What you should do.
The response should be the records below, repeated exactly, with each picture left out.

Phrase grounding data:

··········

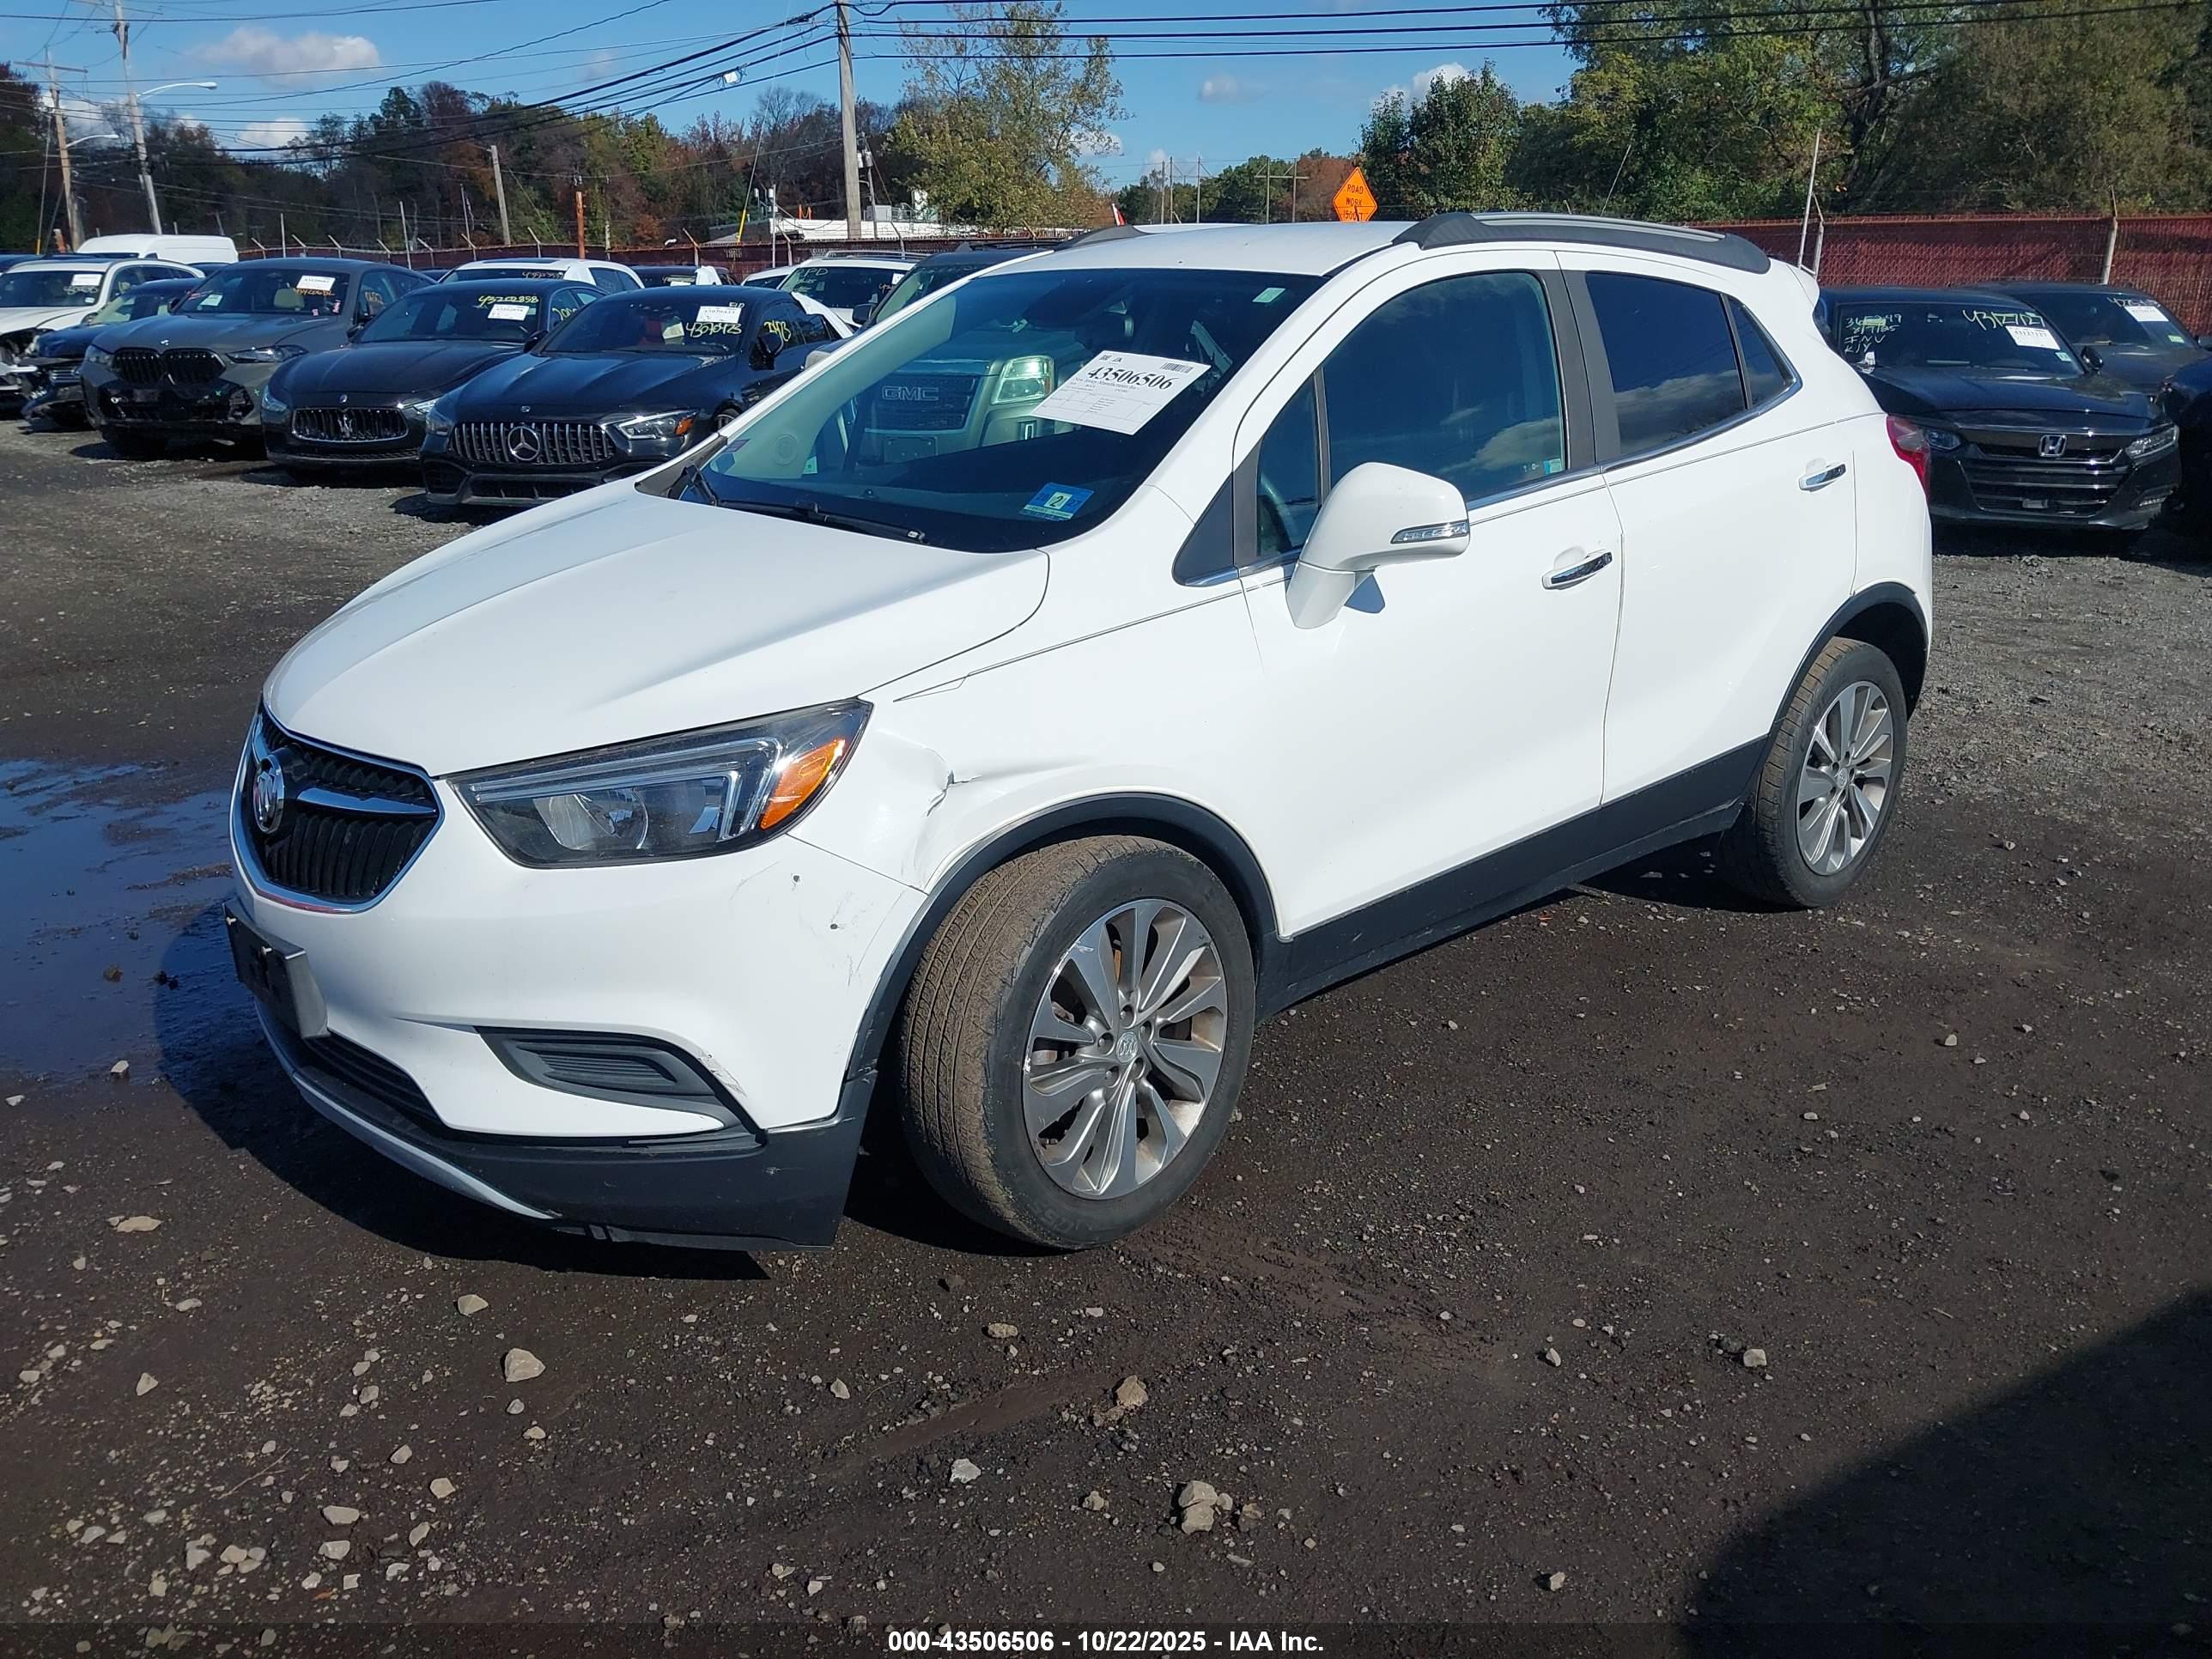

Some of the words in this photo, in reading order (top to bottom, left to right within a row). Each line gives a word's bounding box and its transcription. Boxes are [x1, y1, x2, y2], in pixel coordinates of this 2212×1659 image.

[1346, 184, 1364, 195] ROAD
[1346, 197, 1363, 207] WORK
[1088, 368, 1180, 390] 43506506
[882, 386, 939, 401] GMC
[1049, 495, 1064, 507] 2

··········

Your response.
Some of the words in this photo, in reading order (top to bottom, left to right within a row). Each line gives a word's bounding box and its transcription. Boxes are [x1, y1, x2, y2], in pixel coordinates of this 2212×1659 image.

[1346, 184, 1364, 195] ROAD
[1346, 197, 1363, 207] WORK
[1088, 368, 1180, 390] 43506506
[882, 386, 939, 401] GMC
[1049, 495, 1064, 507] 2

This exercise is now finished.